TASK STATEMENT: Your task is to transcribe all of the records exactly and leave out the pictures.

SUPPLIED MATERIAL:
#####

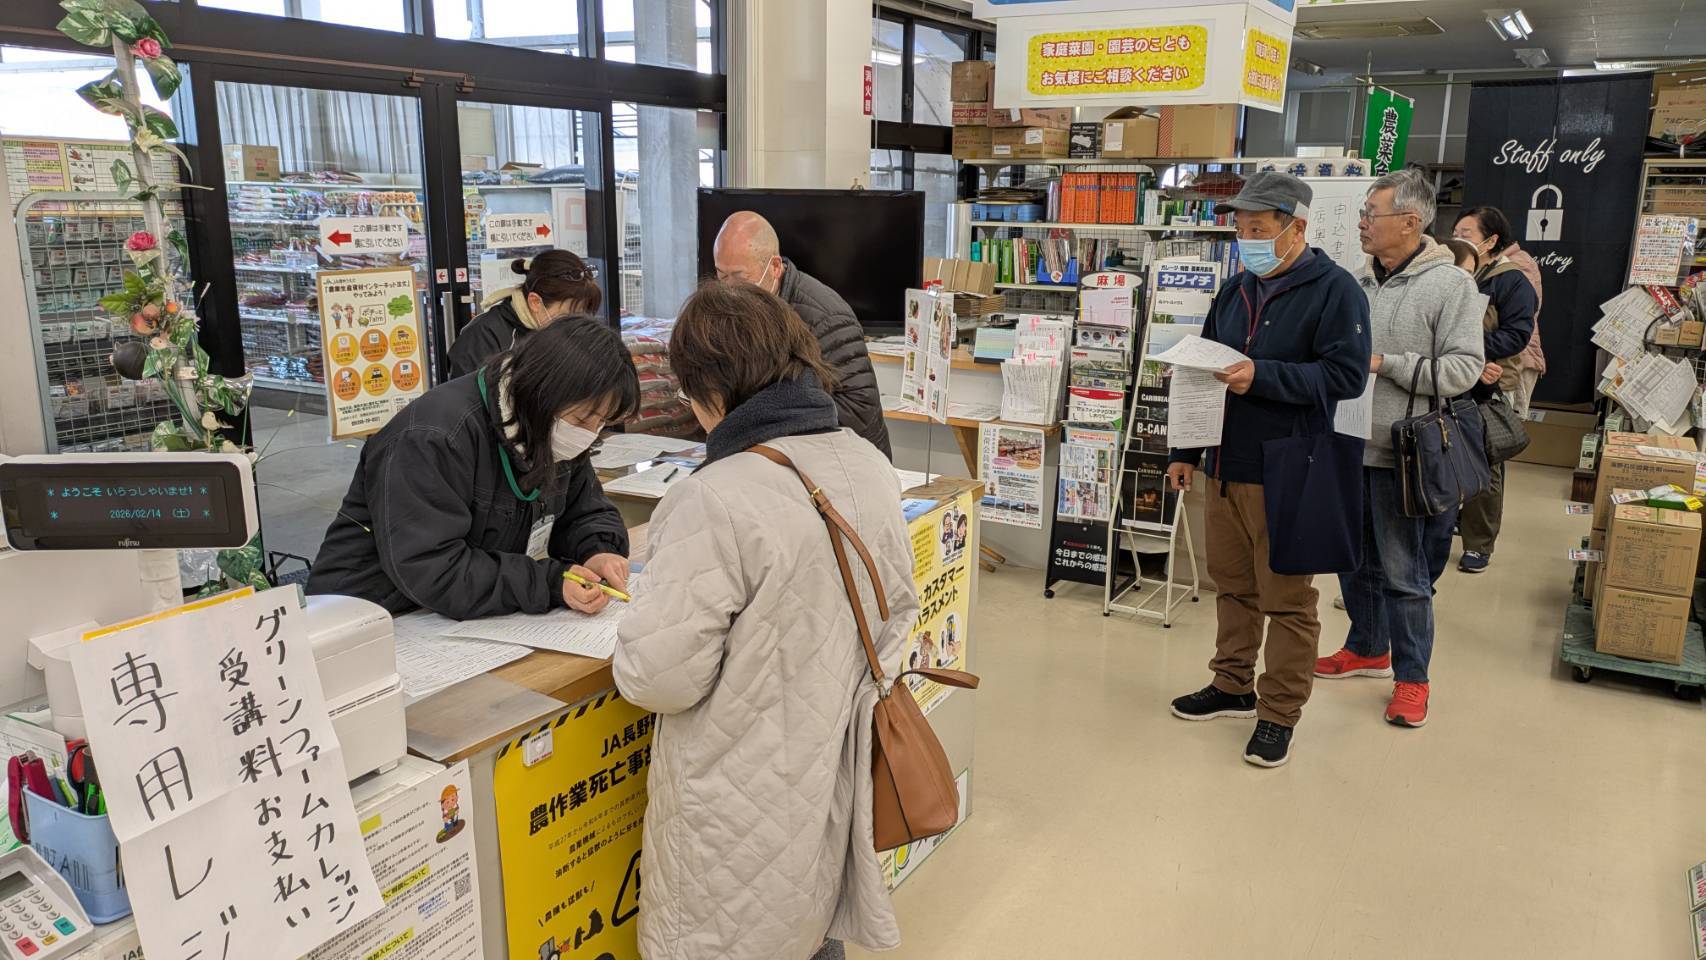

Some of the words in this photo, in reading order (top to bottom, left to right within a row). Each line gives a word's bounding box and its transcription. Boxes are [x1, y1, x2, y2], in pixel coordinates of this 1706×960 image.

[1041, 34, 1191, 58] 家庭菜園・園芸のことも
[1041, 66, 1189, 87] お気軽にご相談ください
[1493, 138, 1557, 174] Staff
[1558, 137, 1606, 174] only
[1161, 274, 1211, 286] カクイチ
[61, 487, 102, 497] ようこそ
[110, 509, 161, 519] 2026/02/14
[118, 538, 140, 548] FUJITSU
[255, 606, 359, 925] グリーンファームカレッジ
[219, 647, 311, 928] 受講料お支払い
[110, 651, 238, 960] 専用レジ
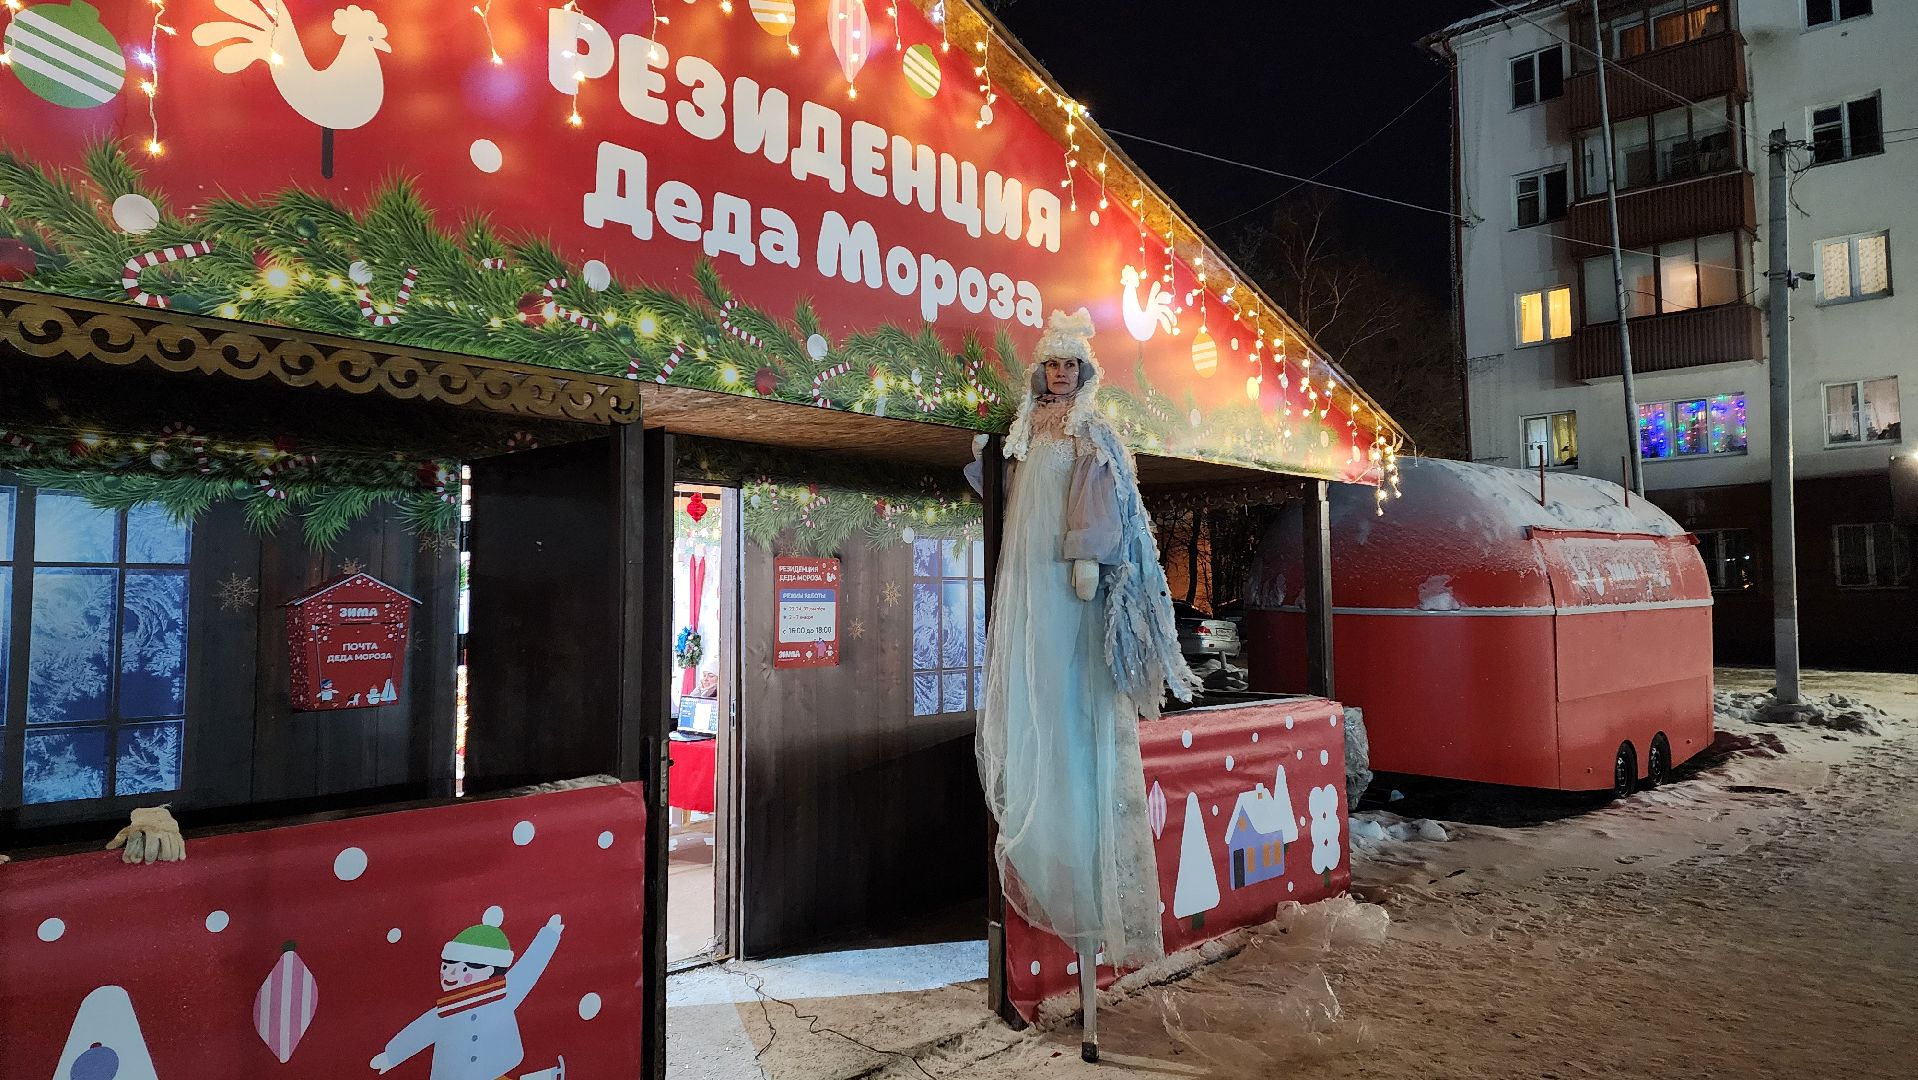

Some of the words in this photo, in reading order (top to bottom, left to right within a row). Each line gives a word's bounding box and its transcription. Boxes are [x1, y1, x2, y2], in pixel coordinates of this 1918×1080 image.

[548, 7, 1061, 253] РЕЗИДЕНЦИЯ
[584, 141, 800, 268] Деда
[816, 210, 1044, 328] Мороза
[779, 565, 819, 574] РЕЗИДЕНЦИЯ
[779, 574, 796, 582] ДЕДА
[797, 574, 822, 582] МОРОЗА
[339, 607, 378, 618] ЗИМА
[342, 642, 379, 651] ПОЧТА
[327, 654, 353, 663] ДЕДА
[355, 652, 392, 661] МОРОЗА

#####

WRITTEN ANSWER:
Some of the words in this photo, in reading order (top to bottom, left to right within a row). Each line gives a word's bounding box and its transcription. Boxes are [x1, y1, x2, y2], in pixel coordinates of this 1706×960 image.

[1041, 34, 1191, 58] 家庭菜園・園芸のことも
[1041, 66, 1189, 87] お気軽にご相談ください
[1493, 138, 1557, 174] Staff
[1558, 137, 1606, 174] only
[1161, 274, 1211, 286] カクイチ
[61, 487, 102, 497] ようこそ
[110, 509, 161, 519] 2026/02/14
[118, 538, 140, 548] FUJITSU
[255, 606, 359, 925] グリーンファームカレッジ
[219, 647, 311, 928] 受講料お支払い
[110, 651, 238, 960] 専用レジ

Some of the words in this photo, in reading order (top to bottom, left to right within a row). Each line gives a word's bounding box and its transcription. Boxes are [x1, y1, x2, y2], in pixel coordinates of this 1918×1080 image.

[548, 7, 1061, 253] РЕЗИДЕНЦИЯ
[584, 141, 800, 268] Деда
[816, 210, 1044, 328] Мороза
[779, 565, 819, 574] РЕЗИДЕНЦИЯ
[779, 574, 796, 582] ДЕДА
[797, 574, 822, 582] МОРОЗА
[339, 607, 378, 618] ЗИМА
[342, 642, 379, 651] ПОЧТА
[327, 654, 353, 663] ДЕДА
[355, 652, 392, 661] МОРОЗА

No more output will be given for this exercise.